_TASK REQUIREMENTS_. A faithful copy of all the records is needed, with the pictures omitted.

_THE INPUT_.
**********

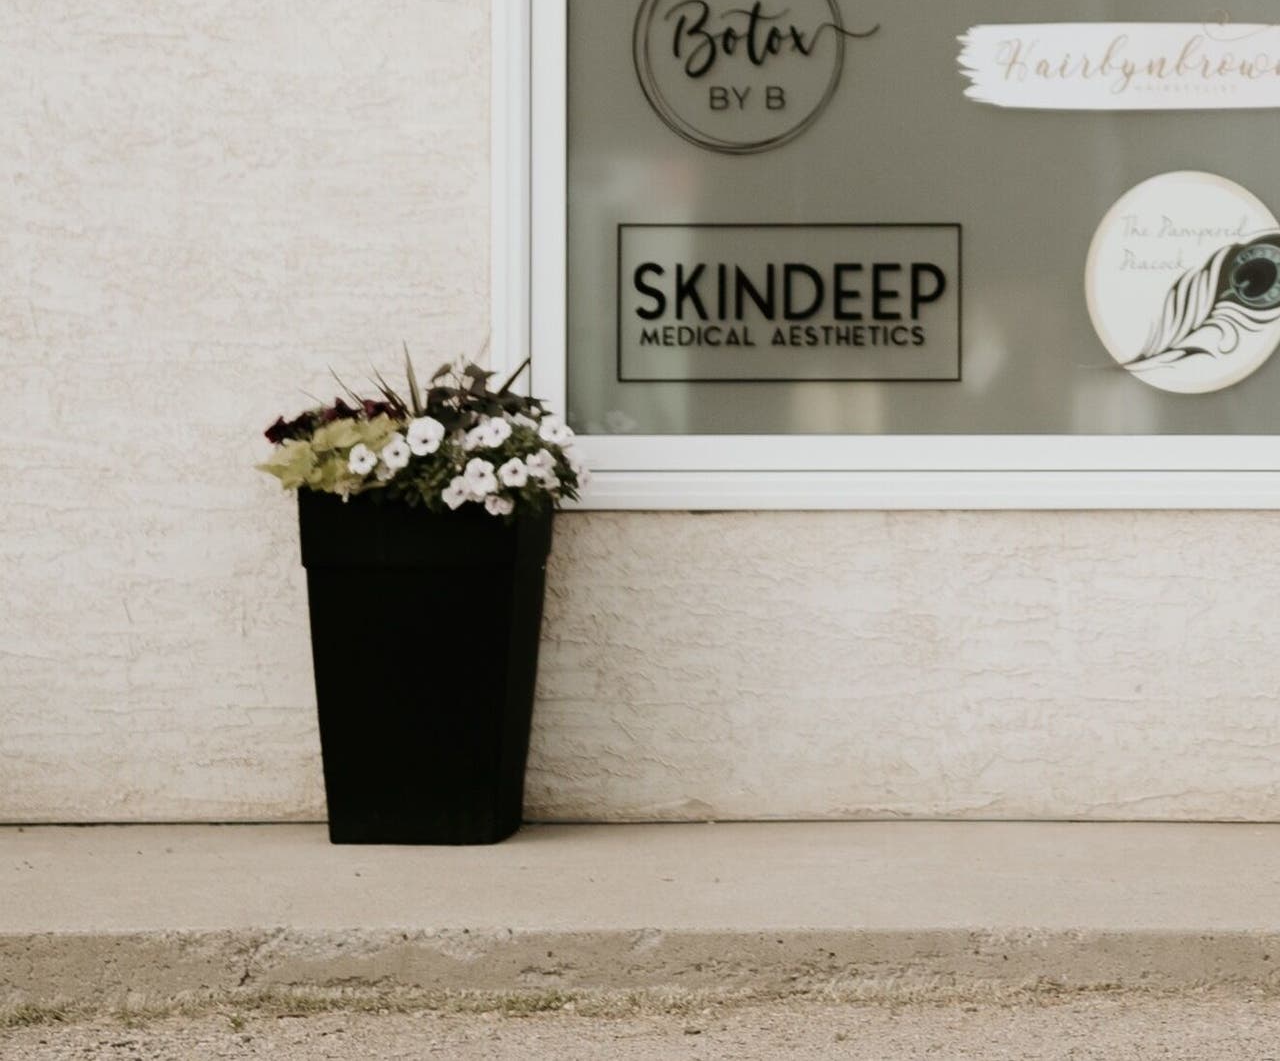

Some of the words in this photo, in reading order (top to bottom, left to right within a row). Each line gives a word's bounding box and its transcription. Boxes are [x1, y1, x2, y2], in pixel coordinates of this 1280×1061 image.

[709, 86, 752, 111] BY
[765, 86, 787, 111] B
[633, 261, 947, 322] SKINDEEP
[639, 325, 756, 347] MEDICAL
[771, 325, 927, 347] AESTHETICS
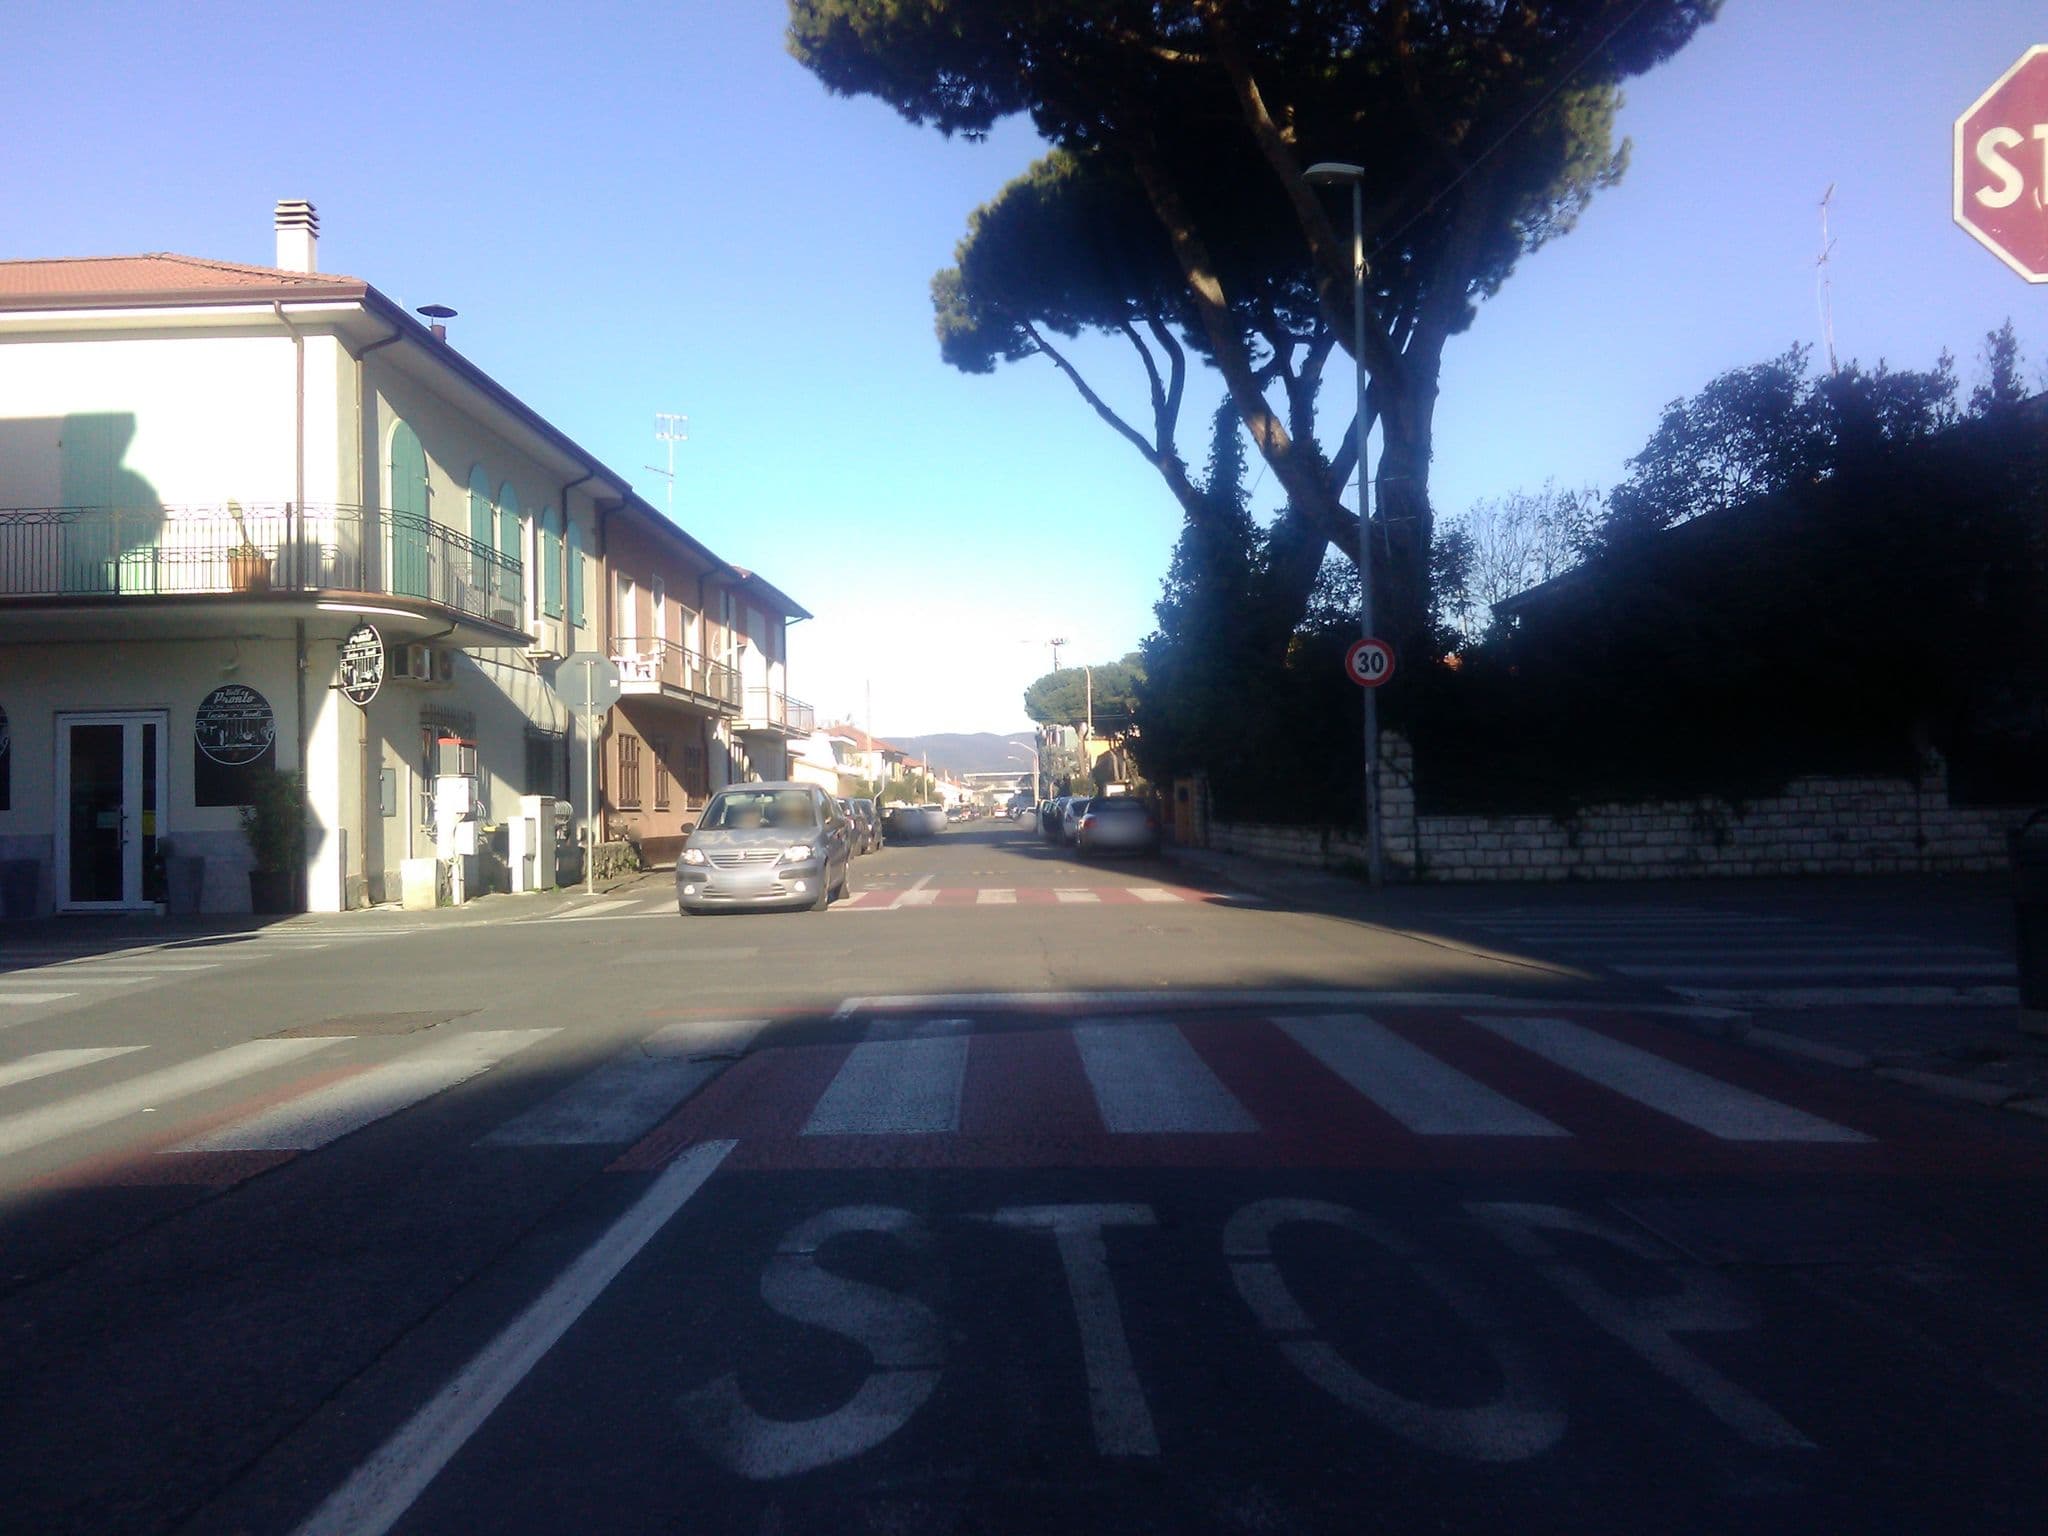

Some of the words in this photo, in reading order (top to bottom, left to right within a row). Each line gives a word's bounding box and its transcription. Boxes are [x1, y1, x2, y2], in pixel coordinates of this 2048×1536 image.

[1358, 651, 1384, 673] 30
[213, 691, 256, 704] Pronto
[673, 1197, 1819, 1480] STOP

**********

_FINAL ANSWER_.
Some of the words in this photo, in reading order (top to bottom, left to right within a row). Each line gives a word's bounding box and its transcription. Boxes are [x1, y1, x2, y2], in pixel coordinates of this 1280×1061 image.

[709, 86, 752, 111] BY
[765, 86, 787, 111] B
[633, 261, 947, 322] SKINDEEP
[639, 325, 756, 347] MEDICAL
[771, 325, 927, 347] AESTHETICS

Some of the words in this photo, in reading order (top to bottom, left to right within a row). Each line gives a word's bounding box and its transcription. Boxes are [x1, y1, x2, y2], in pixel coordinates of this 2048×1536 image.

[1358, 651, 1384, 673] 30
[213, 691, 256, 704] Pronto
[673, 1197, 1819, 1480] STOP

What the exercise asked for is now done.